Belli ritrae questa città che si
lascia vivere con indolenza mentre si diffonde la consapevolezza che lo Stato
della Chiesa è diventato ormai un anacronismo. Già in un sonetto del 32 (Li punti
doro) Belli scrive: Cusì viengheno a dì li giacubini, / ar gran sommo
pontefice Grigorio: / che te fai de li stati papalini, / dove la vita tua pare
un mortorio?. Non fu così facile, comunque. Ancora nel 1862 trecento
vescovi reclamarono che il potere temporale era una necessità voluta
direttamente dalla provvidenza divina. Affermazioni impegnative, un anno dopo
la proclamazione dell'Unità dItalia.
Quando Giuseppe Gioachino nacque,
sul soglio di Pietro sedeva Pio VI papa Braschi, non malvagio ma certo
inadeguato ai cataclismi di quegli anni: prima la Rivoluzione, poi la folgore
di Napoleone. Nel 98 il Direttorio fa occupare Roma e deporre il papa. “Fatemi
morire a Roma”, implora il pontefice. “Può morire dove vuole”, gli rispondono.

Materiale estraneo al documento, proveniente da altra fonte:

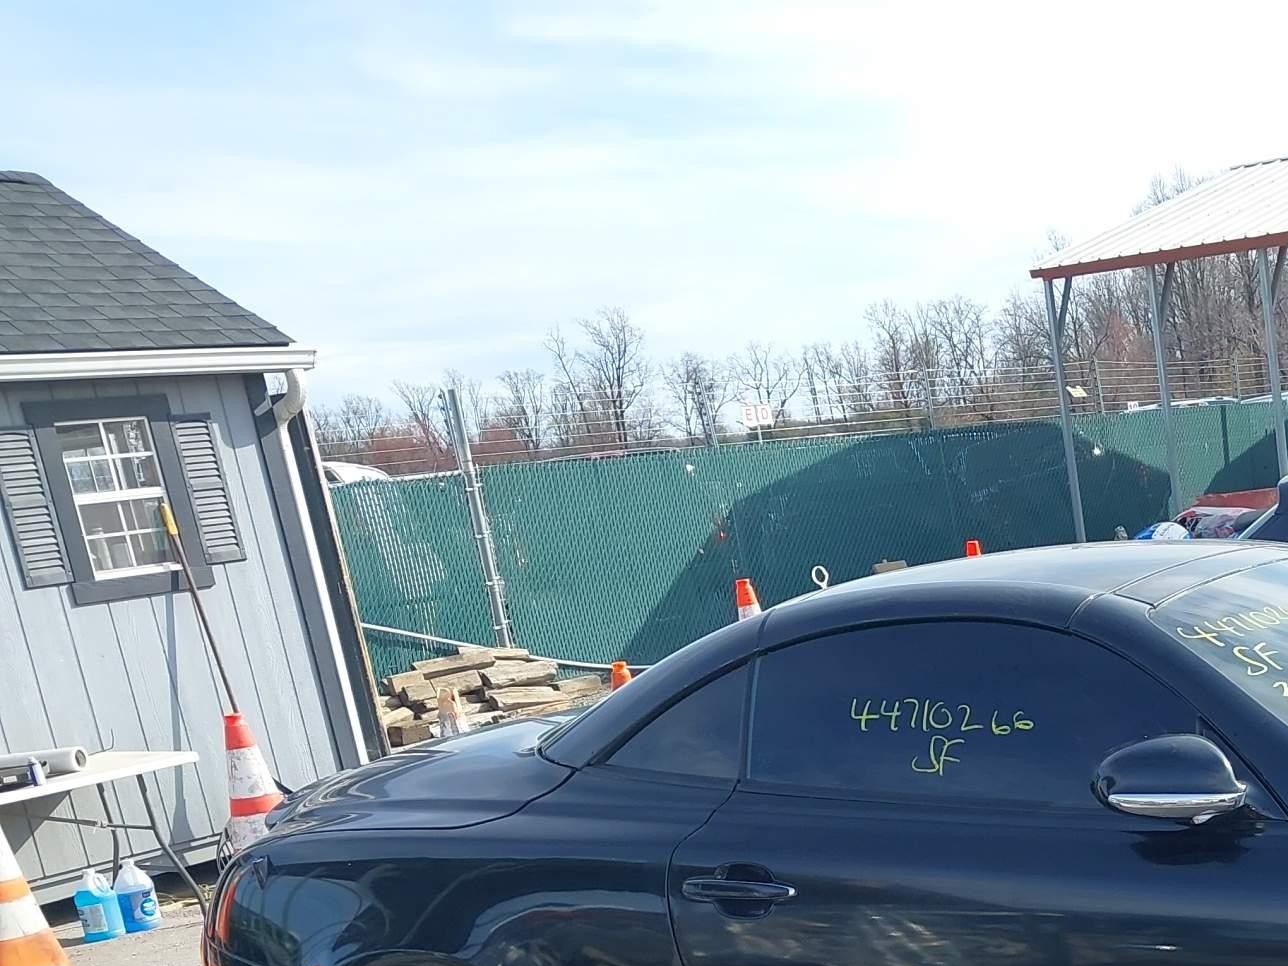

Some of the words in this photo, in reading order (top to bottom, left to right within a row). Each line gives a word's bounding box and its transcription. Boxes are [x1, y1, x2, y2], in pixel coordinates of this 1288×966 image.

[1232, 642, 1284, 676] SF
[851, 698, 1034, 734] 44710266
[911, 735, 966, 776] SF
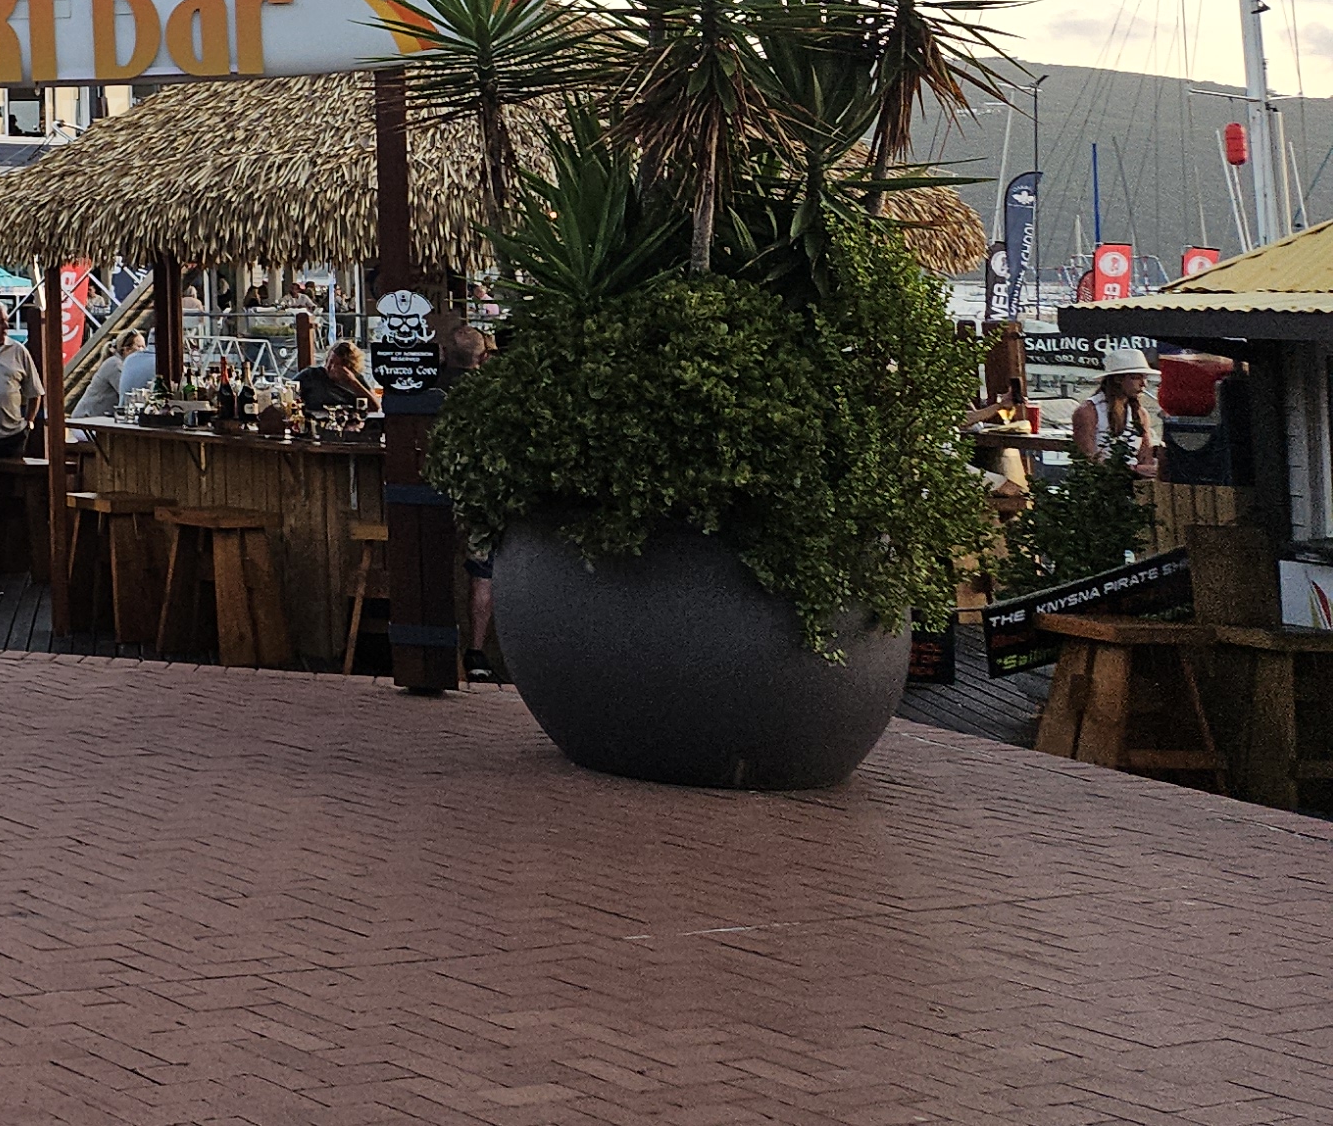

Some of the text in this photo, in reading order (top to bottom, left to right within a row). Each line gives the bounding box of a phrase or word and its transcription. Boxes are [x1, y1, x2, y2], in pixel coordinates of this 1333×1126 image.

Morirà in carcere nella fortezza di Valence. Anche il suo successore Pio VII
deve fare i conti con Napoleone, che lo fa deportare, mentre Roma conosce
l'occupazione francese (1808). Per i romani, umiliazione a parte, non è gran
male. La presenza degli occupanti dà una scossa a una città che
l'amministrazione pontificia ha conservato in condizioni quasi medievali:
obelischi e basiliche in un tessuto urbano ridotto a melmoso villaggio.
Dopo la sconfitta di Napoleone a
Lipsia, il papa può tornare a Roma dove rientra il 24 maggio 1814, accolto
trionfalmente. La furia restauratrice di alcuni cardinali che vogliono
cancellare ogni traccia degli occupanti, arriva al punto da chiedere
l'abolizione dell'illuminazione stradale introdotta dai francesi. Salva tutti
dal ridicolo il genio di Ercole Consalvi, segretario del papa, politico sommo.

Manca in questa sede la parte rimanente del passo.